Possibly spring is my favorite time of the year, and why not?  The joy of this first full month of awakening abounds with an air of light rain and freshness.  Tiny leaves of green with fluted edges magically appear on gnarled branches, soon fashioned into ruffled curtains and fluttering screens for our fine-feathered friends yet to come.  Blossoms and daffodils burst open almost overnight in playful confusion reminding us this is only the beginning.   

Treasures from the past come to mind: verses and poetry ring with familiar and loved words and praises all about this season of new life.

“My beloved spake, and said unto me,

Rise up my love, my fair one, and come away.

 For, lo, the winter is past, the rain is over and gone,

The flowers appear on the earth;

The time of the singing of birds is come,

And the voice of the turtle is heard in our land.”

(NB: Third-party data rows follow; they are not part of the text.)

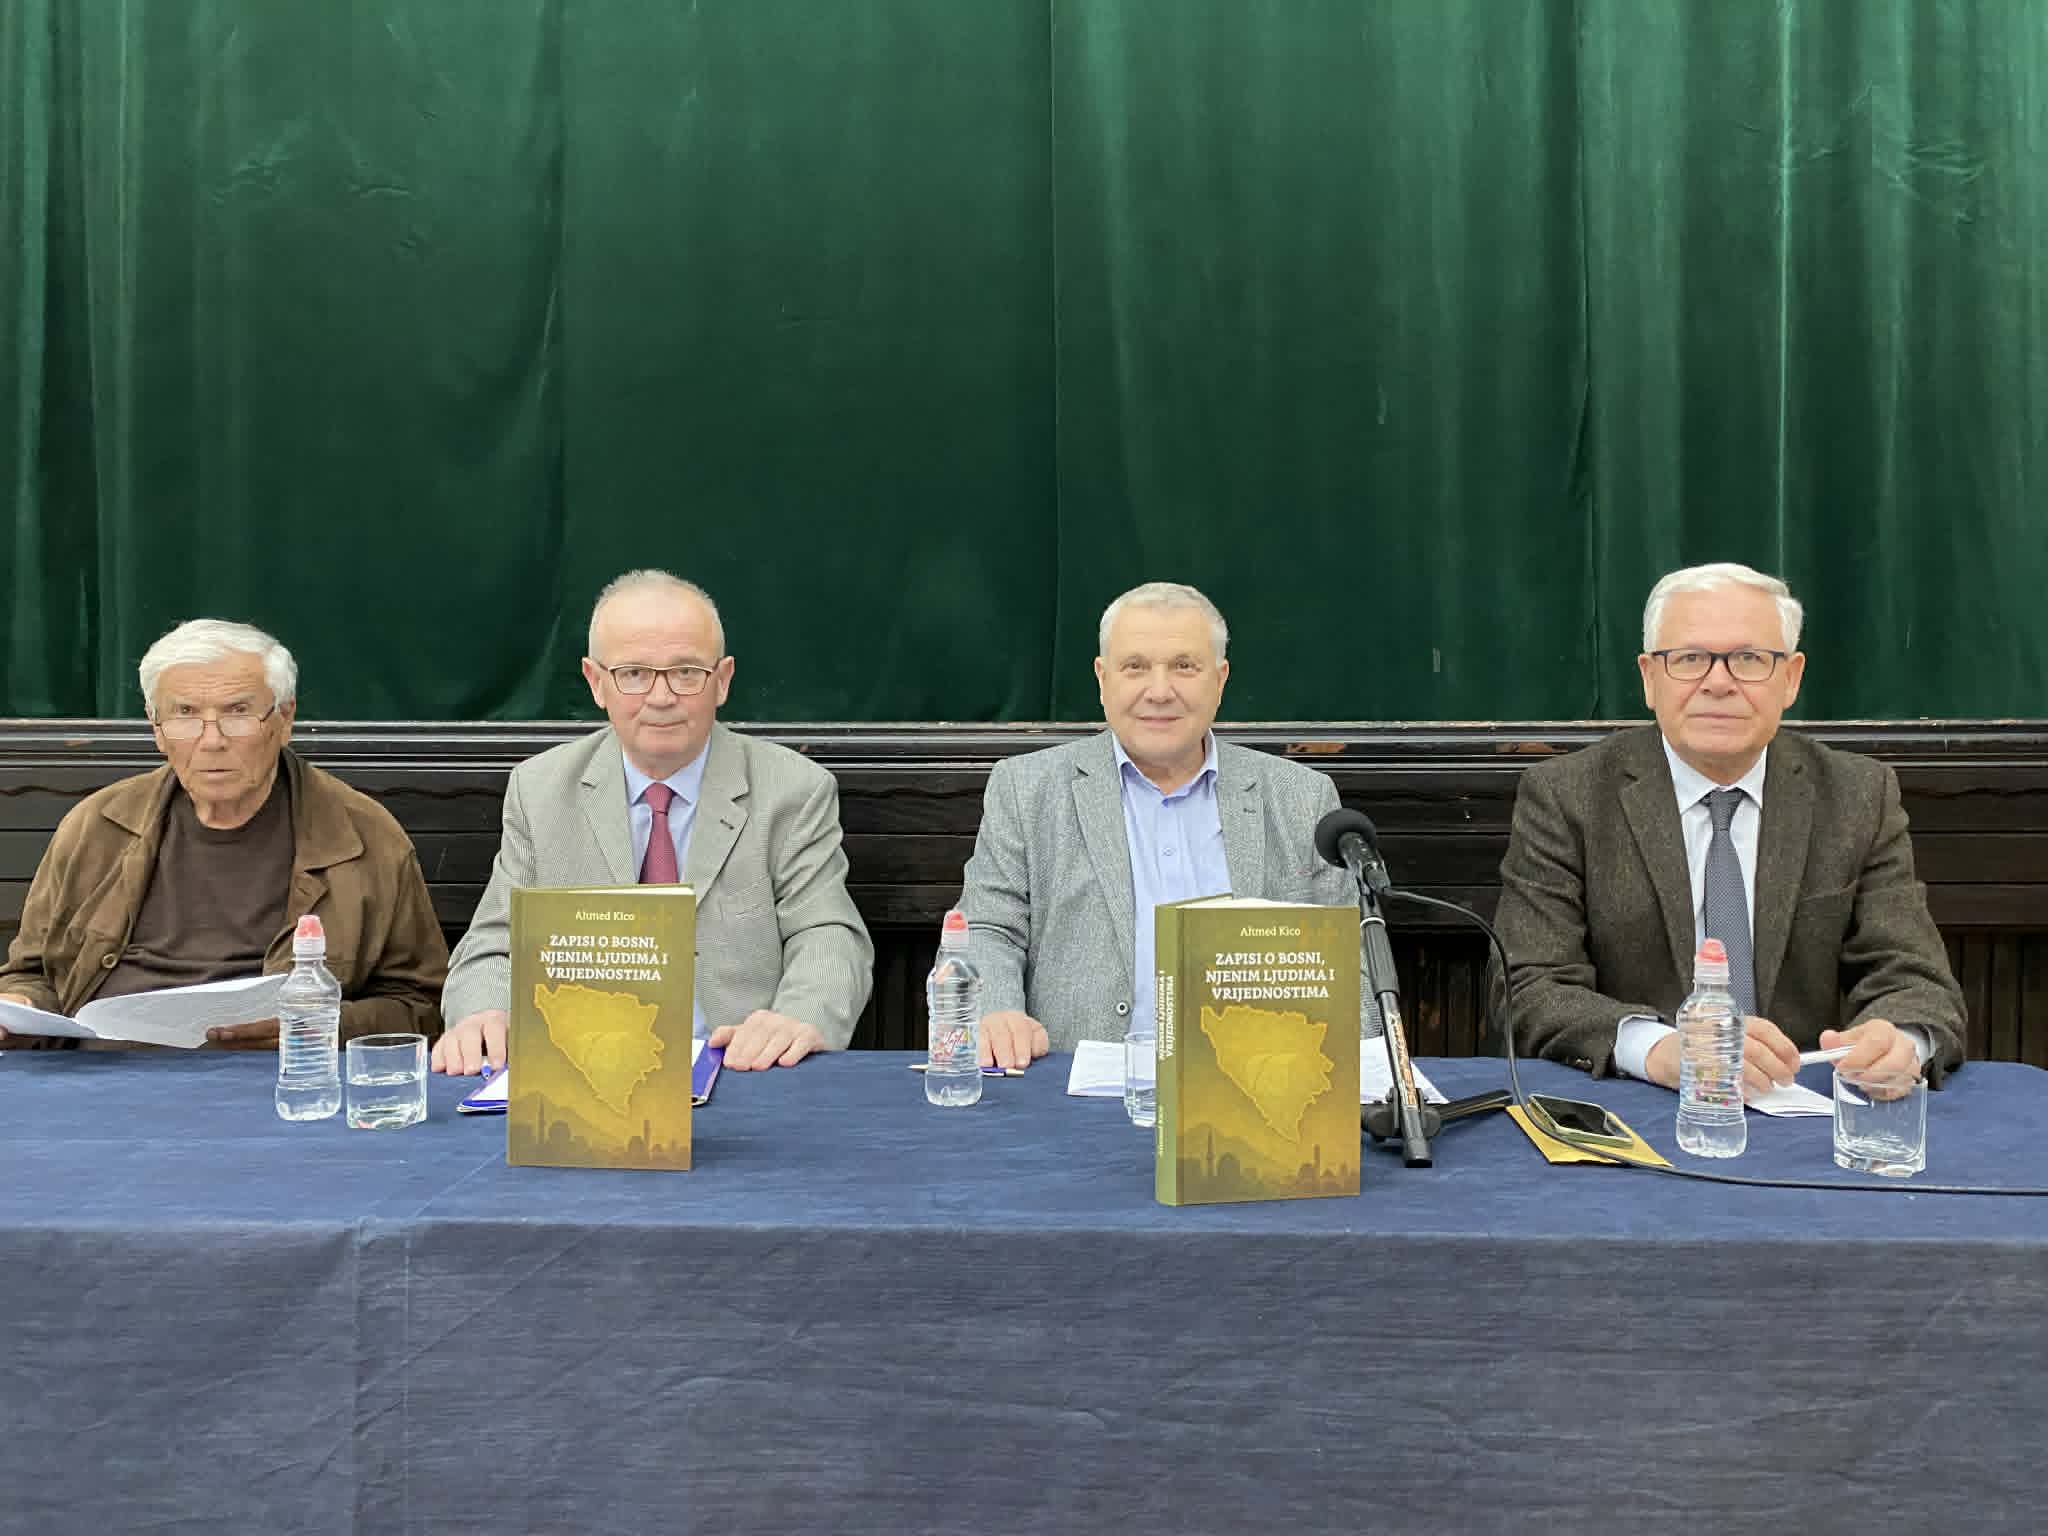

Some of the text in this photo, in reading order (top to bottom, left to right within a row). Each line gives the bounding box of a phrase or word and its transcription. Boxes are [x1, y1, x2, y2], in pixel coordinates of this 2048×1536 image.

[575, 911, 636, 921] Ahmed Kico
[1240, 925, 1301, 937] Ahmed Kico
[550, 935, 659, 950] ZAPISI O BOSNI,
[540, 951, 669, 967] NJENIM LJUDIMA I
[1215, 952, 1325, 966] ZAPISI O BOSNI,
[546, 966, 662, 982] VRIJEDNOSTIMA
[1206, 968, 1336, 985] NJENIM LJUDIMA I
[1212, 986, 1329, 1002] VRIJEDNOSTIMA

                                                      Songs of Solomon 2:10-12

I do believe I am giddy from the sun’s warmth for this evening I feel content.  That’s what spring does: even with Alzheimer’s alive and destructive in our house

“I’ll rememberApril and feel glad.

“I’ll be content you loved me once in April…….Your lips were warm and love and spring were new……….”

MUSIC HATH CHARM

 During the music era which Ken and I enjoyed in our youth there are so many samplings of words and music to be remembered about spring and April; songs to lift a slothful spirit, words that speak of ardor, moonlight and roses, kisses at the garden gate, and writing love letters in the sand.

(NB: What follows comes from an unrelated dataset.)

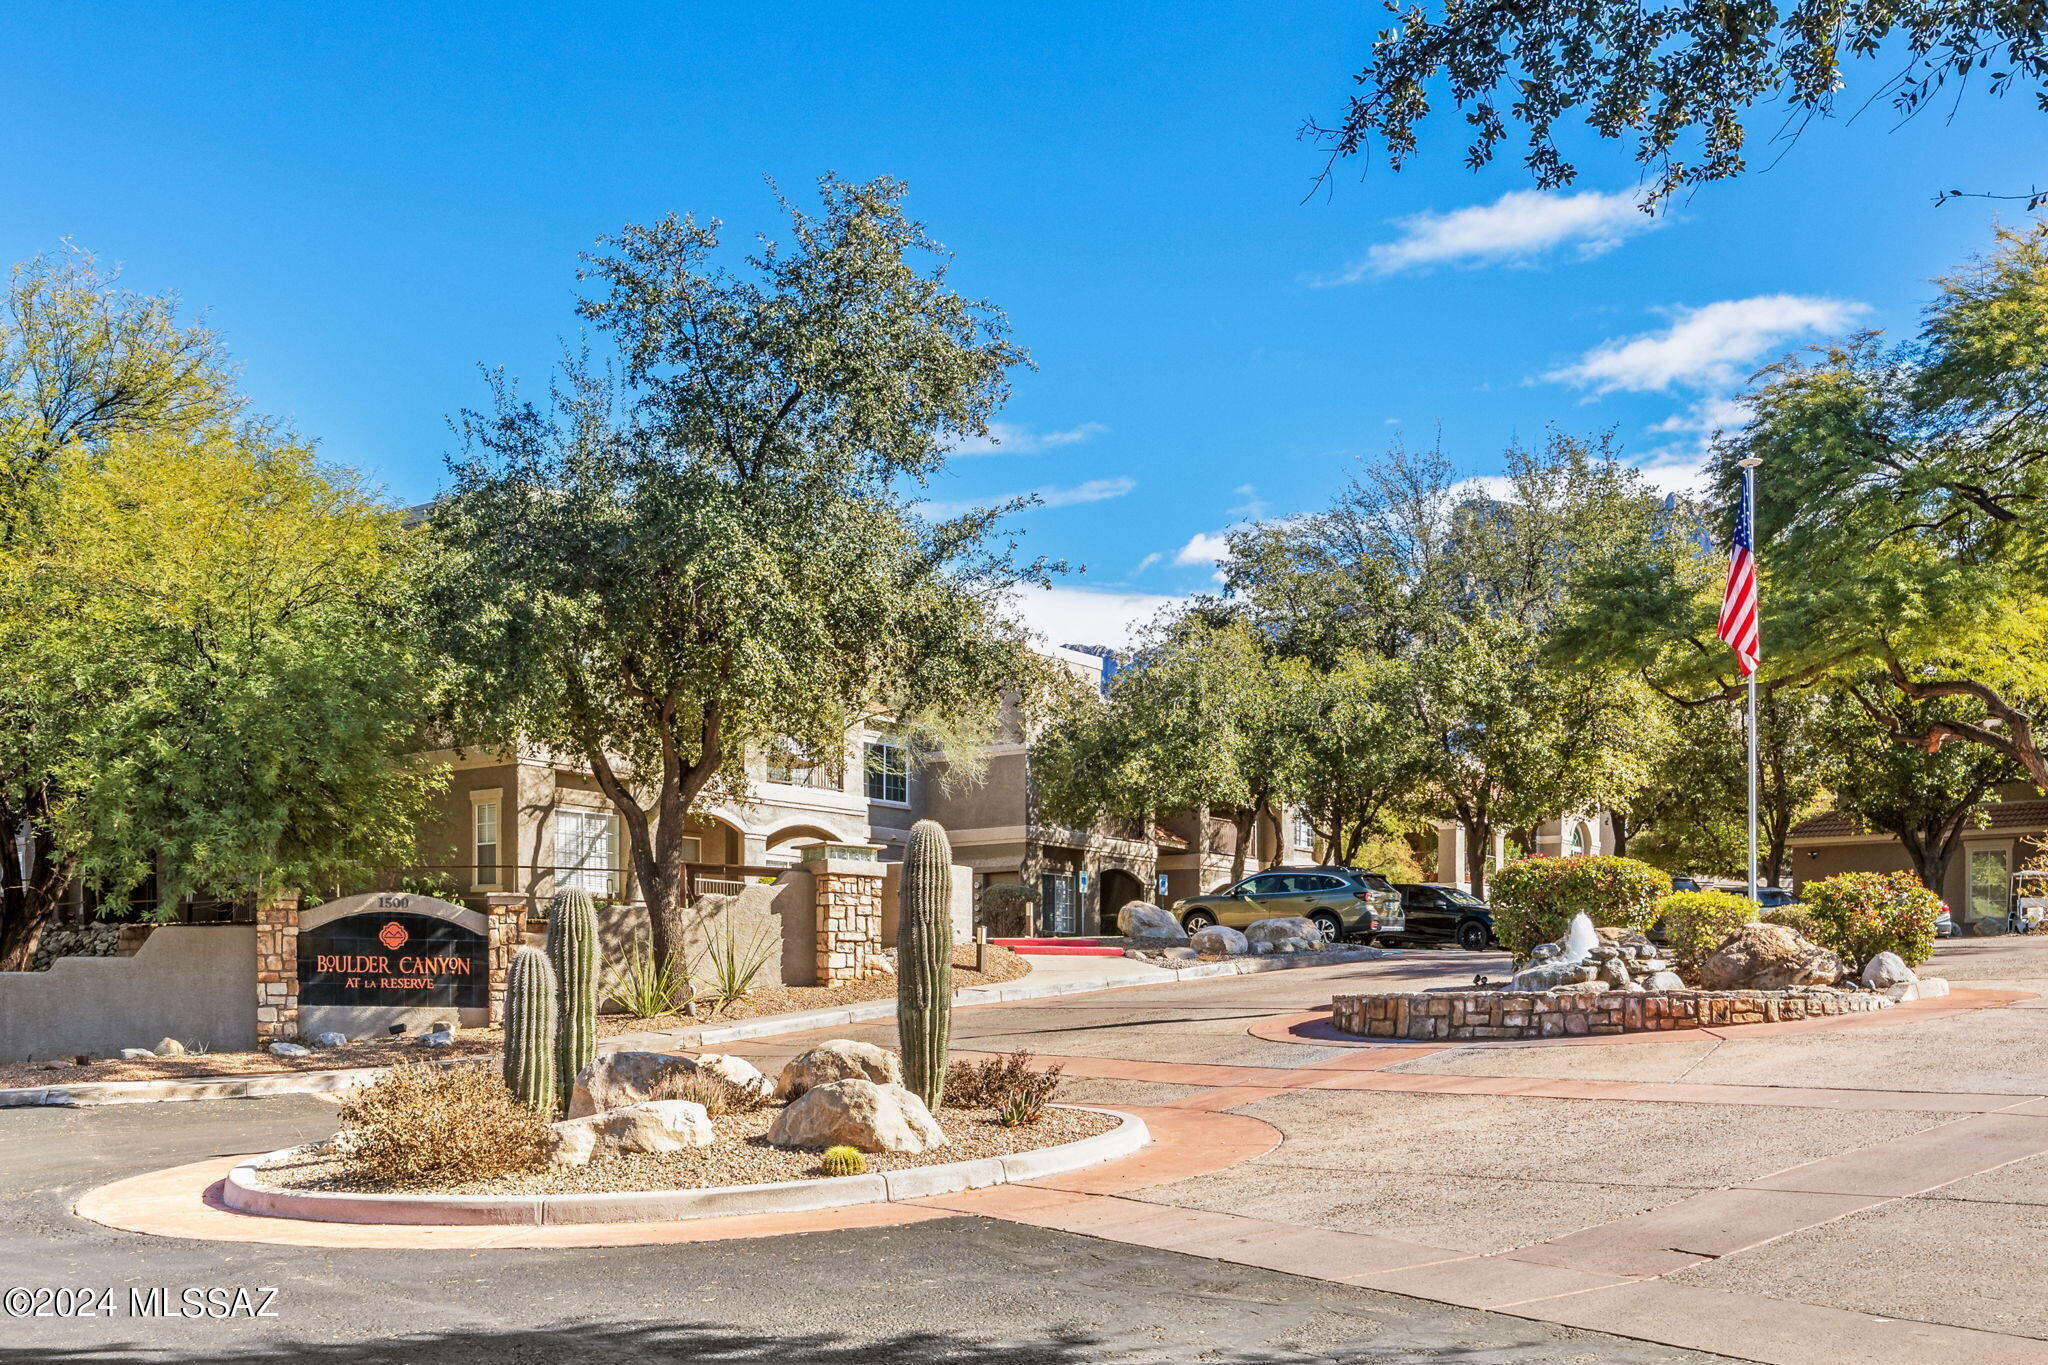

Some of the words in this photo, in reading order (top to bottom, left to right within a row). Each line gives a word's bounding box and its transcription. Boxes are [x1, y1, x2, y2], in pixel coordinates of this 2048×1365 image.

We became engaged in April while background music somewhere spun romance and mood as the Big Band Era began to fade into the past.  “I love you…….. hums the April breeze.  I love you………echo the hills.”

“Though April showers may come your way….. they bring the flowers that bloom in May…….” Who wouldn’t feel better singing that happy song?   “And if it’s raining, have no regrets…. It isn’t raining rain you know; it’s raining vi-o-lets……”  Ending with a positive refrain: “So keep on looking for the rainbow……… and listening for a song……… whenever April showers come along.”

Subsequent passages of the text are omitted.